== Segment start ==

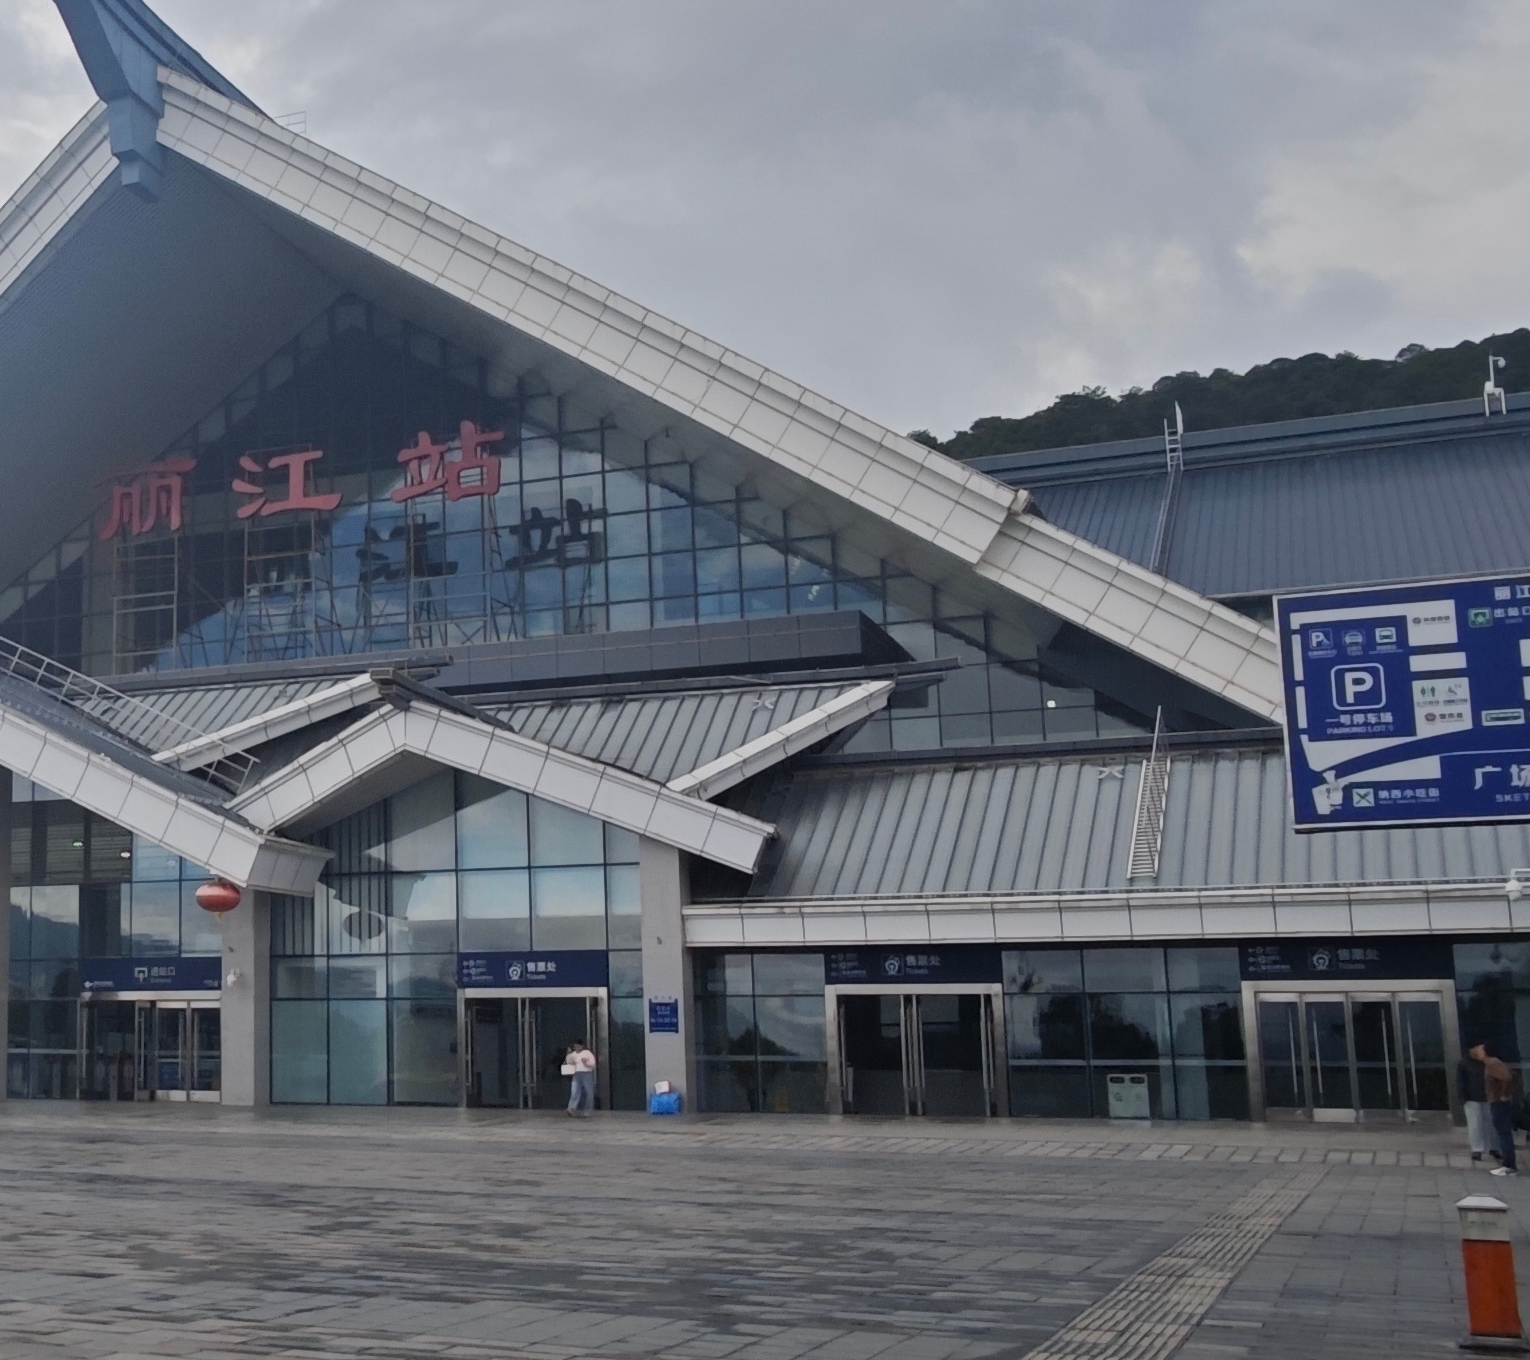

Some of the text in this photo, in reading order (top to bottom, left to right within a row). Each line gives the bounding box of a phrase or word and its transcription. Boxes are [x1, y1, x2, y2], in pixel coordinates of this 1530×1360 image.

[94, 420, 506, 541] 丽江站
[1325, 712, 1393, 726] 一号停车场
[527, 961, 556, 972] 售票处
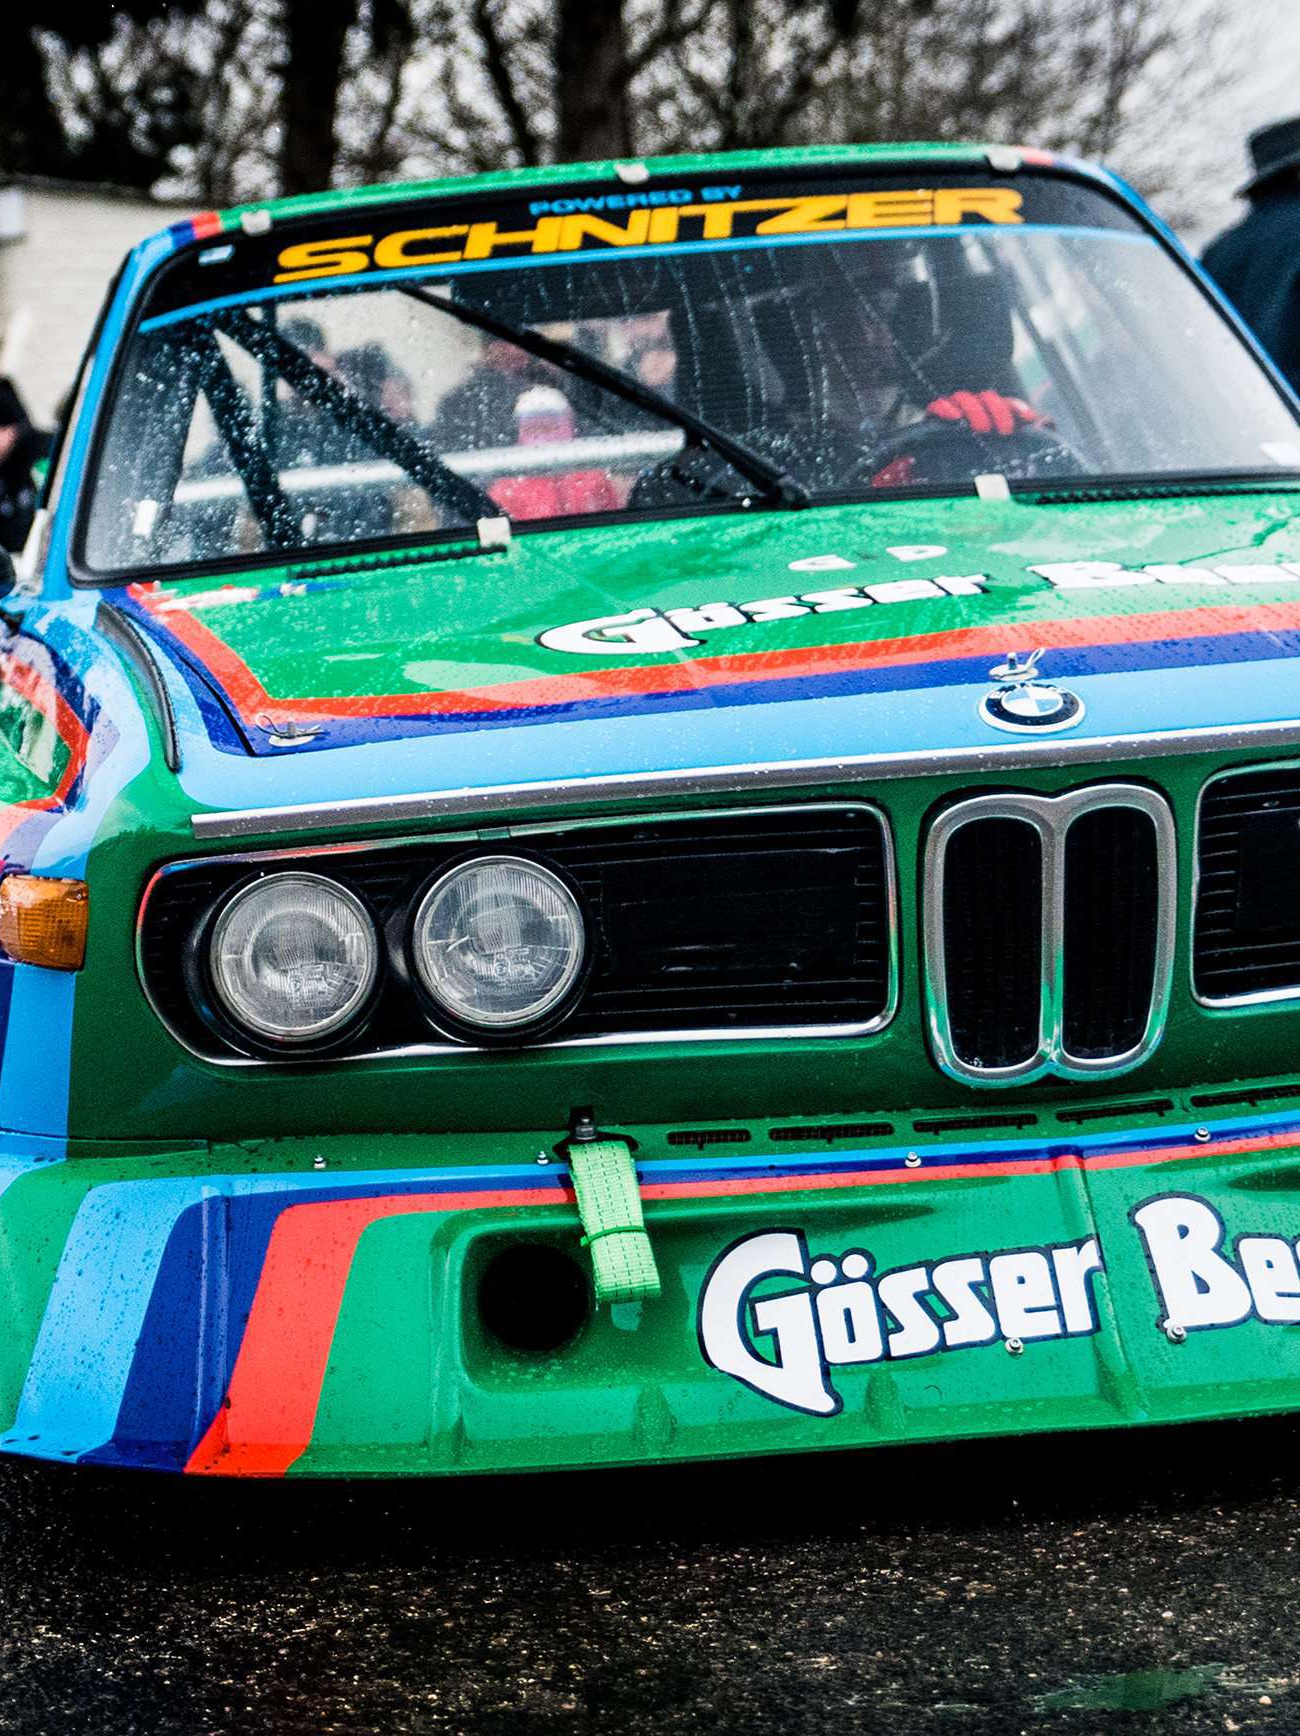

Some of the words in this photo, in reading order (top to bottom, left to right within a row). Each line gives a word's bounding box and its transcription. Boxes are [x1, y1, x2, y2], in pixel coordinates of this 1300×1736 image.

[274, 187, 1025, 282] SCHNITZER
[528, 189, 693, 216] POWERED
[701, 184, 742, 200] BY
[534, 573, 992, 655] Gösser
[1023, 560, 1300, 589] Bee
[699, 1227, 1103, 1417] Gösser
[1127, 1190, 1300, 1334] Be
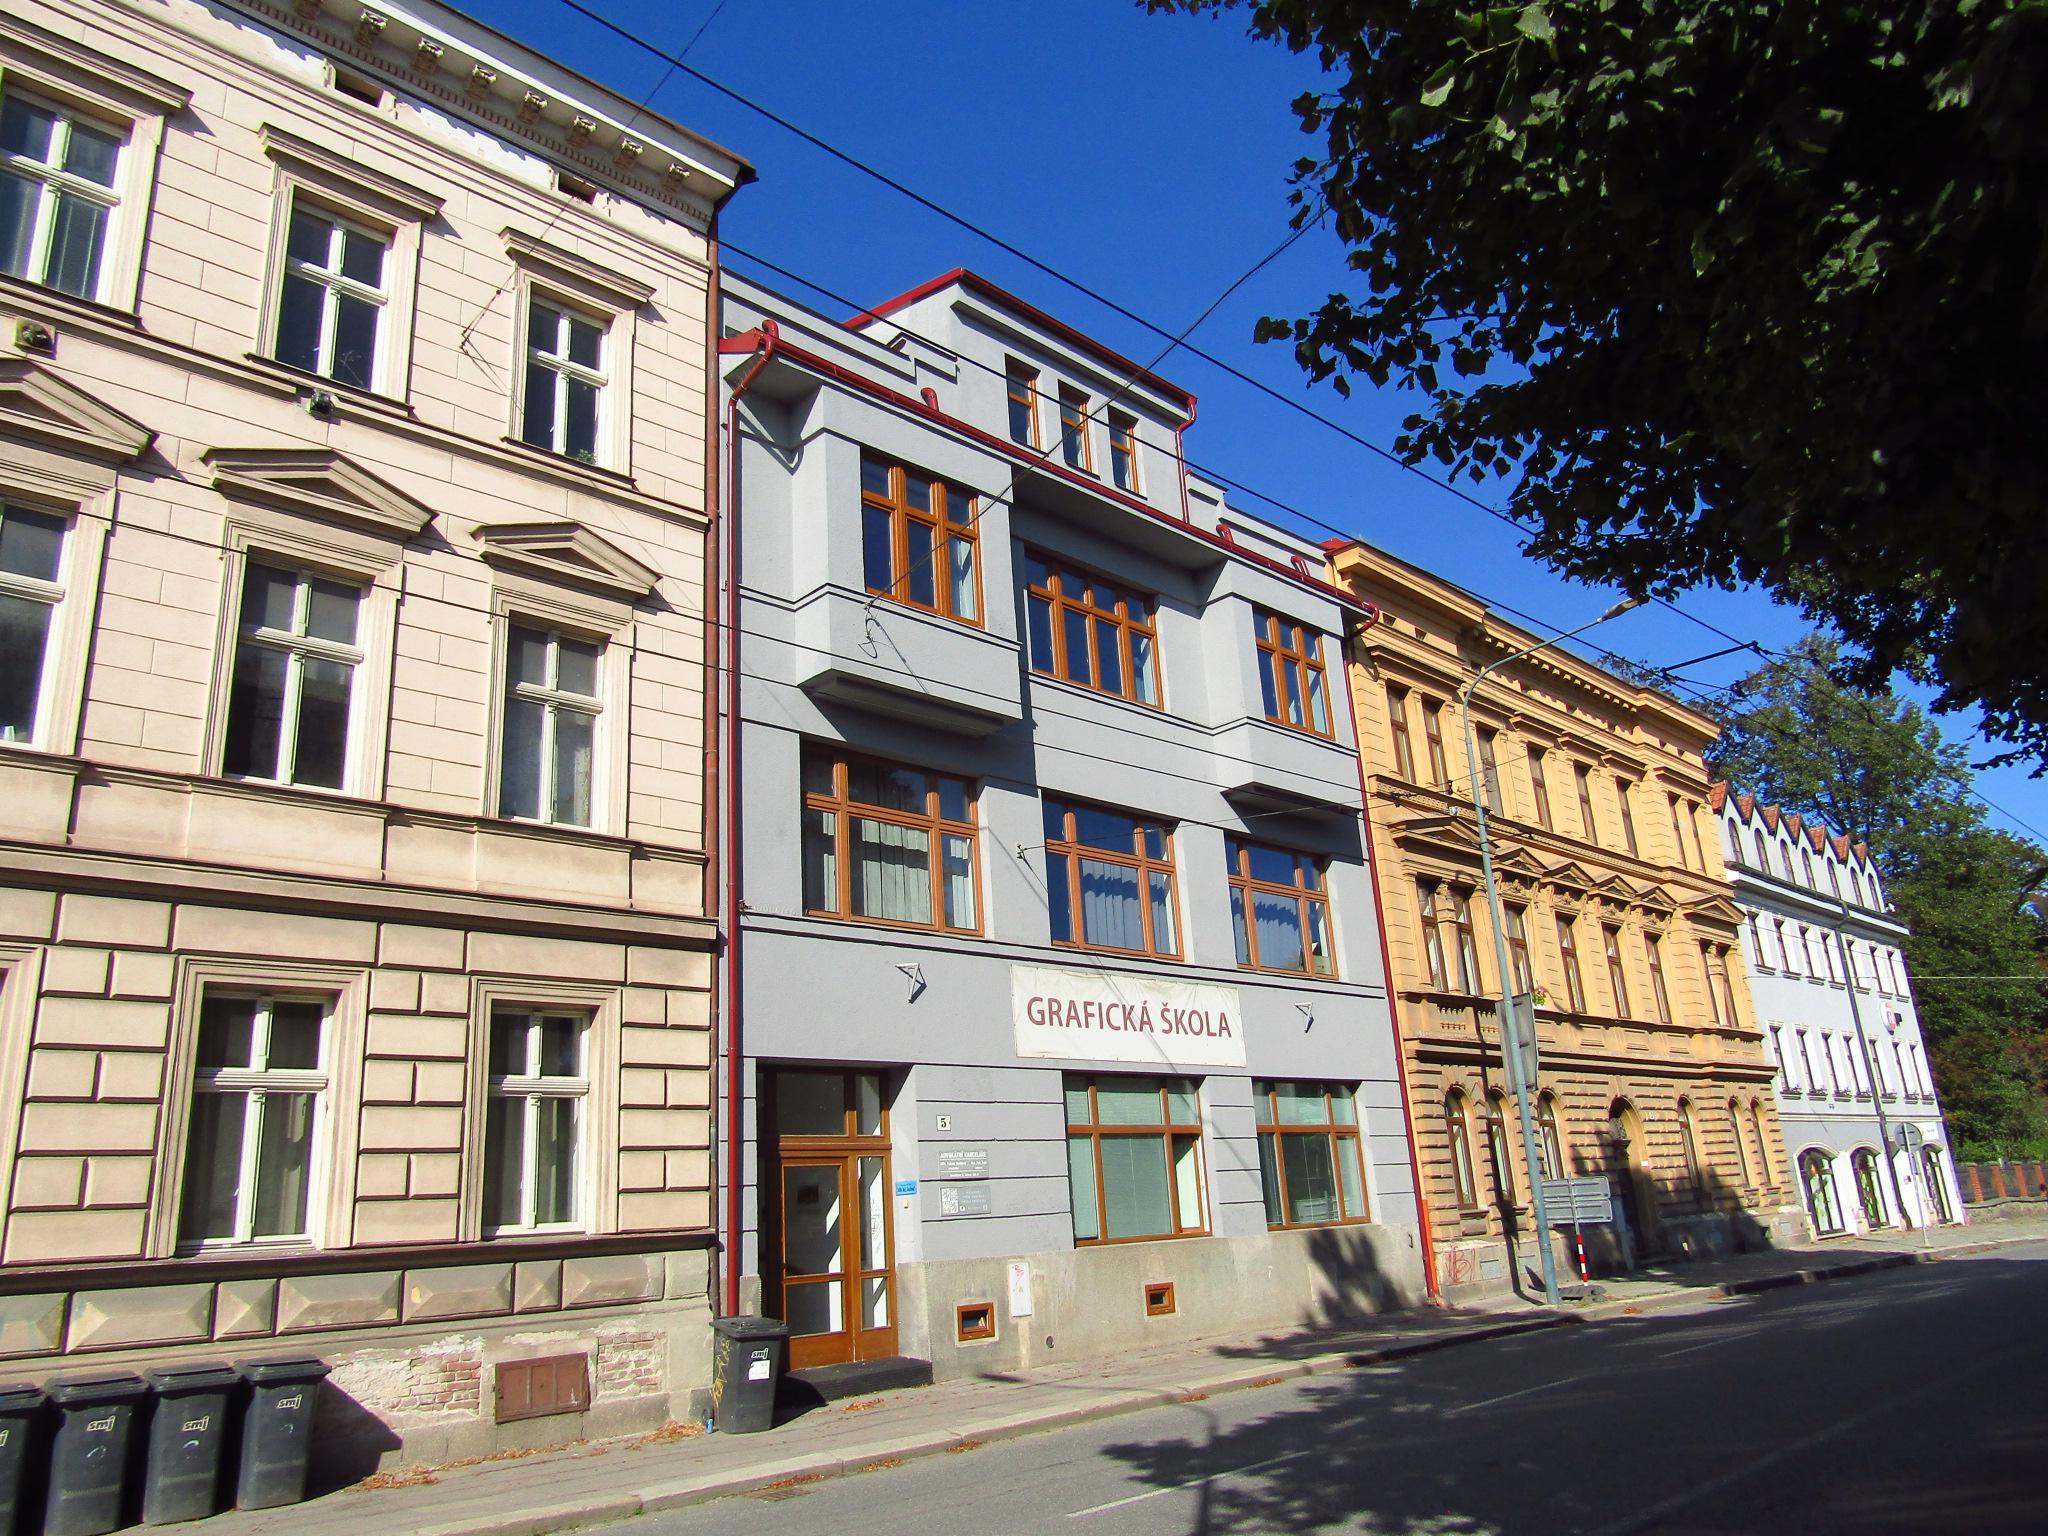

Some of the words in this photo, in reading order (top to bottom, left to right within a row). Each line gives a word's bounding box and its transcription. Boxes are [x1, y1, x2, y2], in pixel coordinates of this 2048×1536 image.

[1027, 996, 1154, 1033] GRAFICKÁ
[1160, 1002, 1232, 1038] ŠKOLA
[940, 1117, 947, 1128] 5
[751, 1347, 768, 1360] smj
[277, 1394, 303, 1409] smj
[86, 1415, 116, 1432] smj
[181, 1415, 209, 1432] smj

== Segment end ==

YOUR INSTRUCTIONS:
Without the pictures, restate all of the entries above verbatim.

RESULT OF THIS EXERCISE:
Some of the text in this photo, in reading order (top to bottom, left to right within a row). Each line gives the bounding box of a phrase or word and its transcription. Boxes are [x1, y1, x2, y2], in pixel coordinates of this 1530×1360 image.

[94, 420, 506, 541] 丽江站
[1325, 712, 1393, 726] 一号停车场
[527, 961, 556, 972] 售票处

Some of the words in this photo, in reading order (top to bottom, left to right within a row). Each line gives a word's bounding box and its transcription. Boxes are [x1, y1, x2, y2], in pixel coordinates of this 1300×1736 image.

[274, 187, 1025, 282] SCHNITZER
[528, 189, 693, 216] POWERED
[701, 184, 742, 200] BY
[534, 573, 992, 655] Gösser
[1023, 560, 1300, 589] Bee
[699, 1227, 1103, 1417] Gösser
[1127, 1190, 1300, 1334] Be

Some of the words in this photo, in reading order (top to bottom, left to right within a row). Each line gives a word's bounding box and its transcription. Boxes are [x1, y1, x2, y2], in pixel coordinates of this 2048×1536 image.

[1027, 996, 1154, 1033] GRAFICKÁ
[1160, 1002, 1232, 1038] ŠKOLA
[940, 1117, 947, 1128] 5
[751, 1347, 768, 1360] smj
[277, 1394, 303, 1409] smj
[86, 1415, 116, 1432] smj
[181, 1415, 209, 1432] smj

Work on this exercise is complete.